St. Francisville’s Immigrants—then and now
By Anne Butler
It has been called the little town that’s two miles long and two yards wide, not much of an exaggeration, for the land falls off very steeply behind structures occupying the high ridge comprising its two main streets. As the area was under Spanish control as part of West Florida when it was laid out in 1807, St. Francisville’s two streets were dubbed Royal and Ferdinand in tribute to the Spanish crown. Royal boasts the most beautiful historic homes, but Ferdinand was originally the center of commerce and still is today, lined with boutique shops and art/antique galleries intermingled with Victorian cottages. This unusual mixture of residential and commercial structures gives a significant 24-hour presence to St. Francisville’s very-much-alive downtown, now designated in its entirety a National Register Historic District and a Main Street Community.
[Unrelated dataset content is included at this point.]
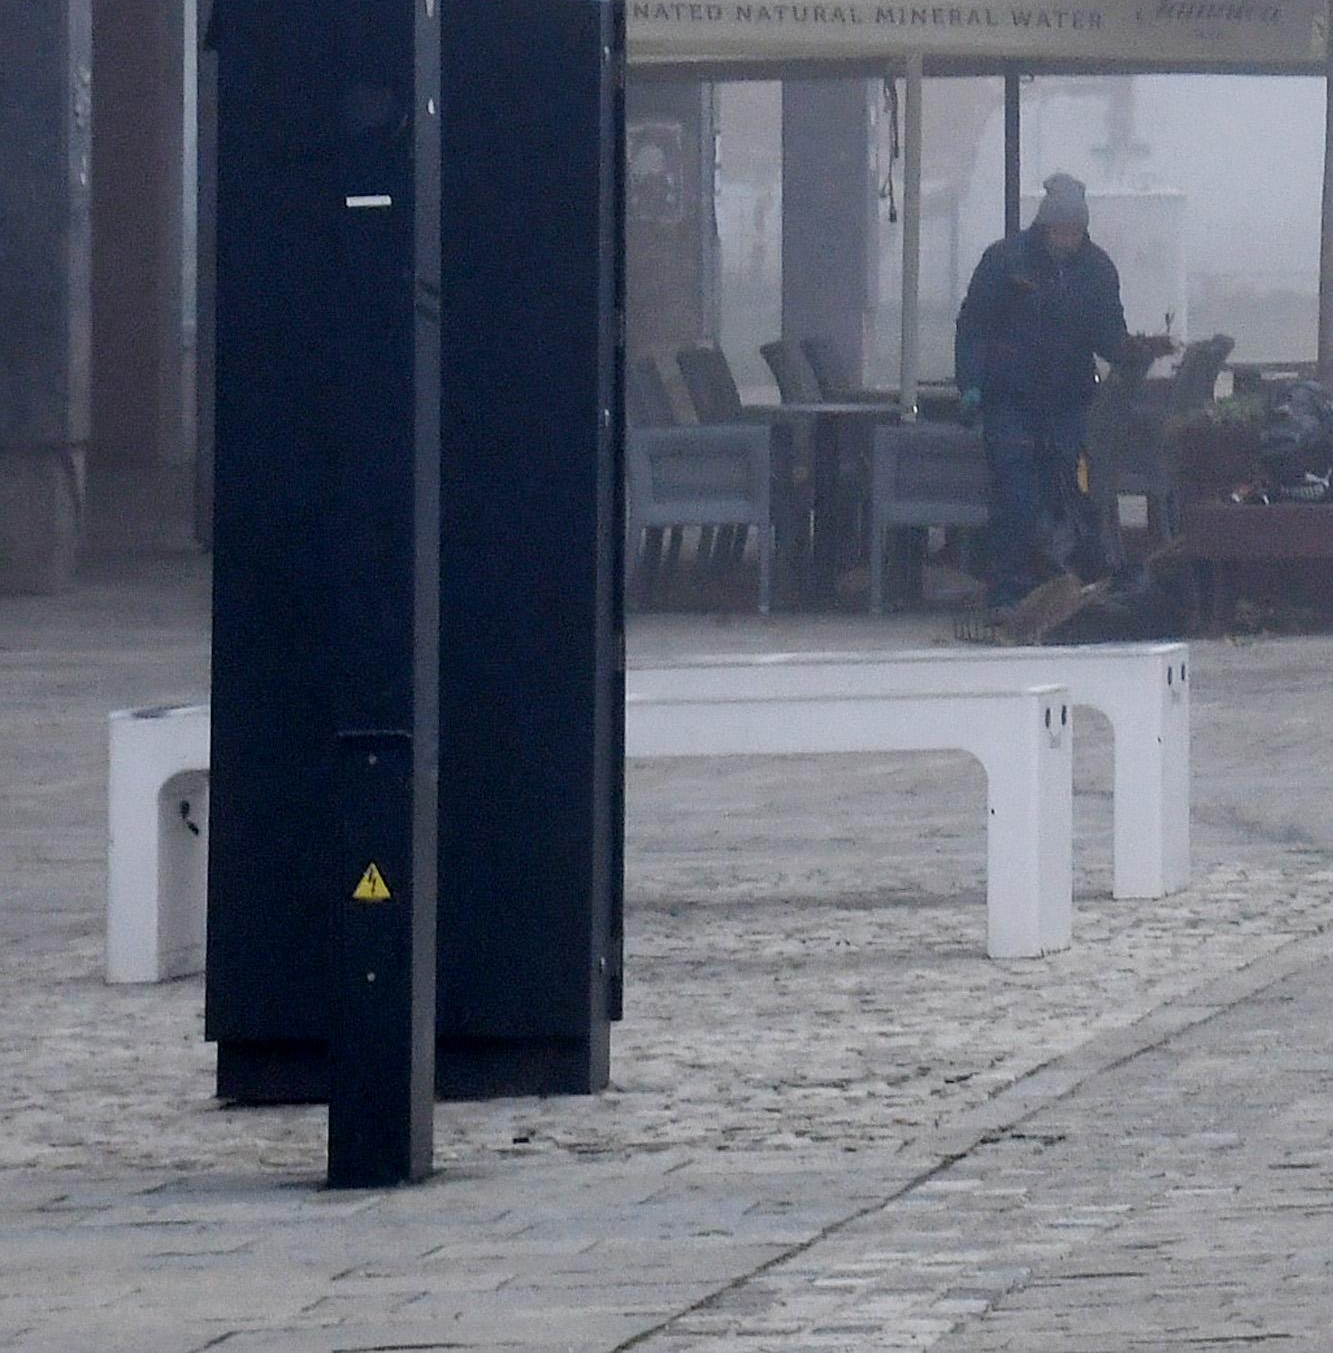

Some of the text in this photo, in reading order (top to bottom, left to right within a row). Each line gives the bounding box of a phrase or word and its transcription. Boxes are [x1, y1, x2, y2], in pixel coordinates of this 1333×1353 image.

In the 19th century Ferdinand Street was a muddy dirt thoroughfare, scene of cattle drives and wagonloads of cotton being hauled down to the Mississippi River for shipment to markets around the globe. Below the bluff upon which St. Francisville developed, Ferdinand St. dropped down the hill by Our Lady of Mount Carmel Catholic Church where the monks from across the river came to bury their dead safe from the floodwaters. Along the river below St. Francisville was the port city of Bayou Sara, developed in the late 1700s when flatboaters pulled over to spend the night on the trip to New Orleans, their boats loaded with produce from the Ohio Valley and points west.
During much of the 19th century, Bayou Sara was the most important port on the Mississippi River between Natchez and New Orleans, with a mile of warehouses to store cotton plus extensive residential and commercial structures, its riverbanks lined with steamboats. The West Feliciana Historical Society museum on Ferdinand Street has an impressive display of vintage images showing early life in Bayou Sara, many showing floodwaters up to the roofs of houses and stores, and raised wooden walkways to provide dry passage for shoppers during flood times. This, of course, is one of the only unlevee-ed stretches of the Lower Mississippi, and with no levees to hold the water in its channel, when the Mississippi is running high, floodwaters engulf all of the lowlying lands below St. Francisville. During the devastating floods of the early 20th century, most of Bayou Sara was washed away or destroyed, leaving only stands of cottonwoods, willows, and the Corps of Engineers Mat Field where concrete mats are manufactured to line levees to combat erosion.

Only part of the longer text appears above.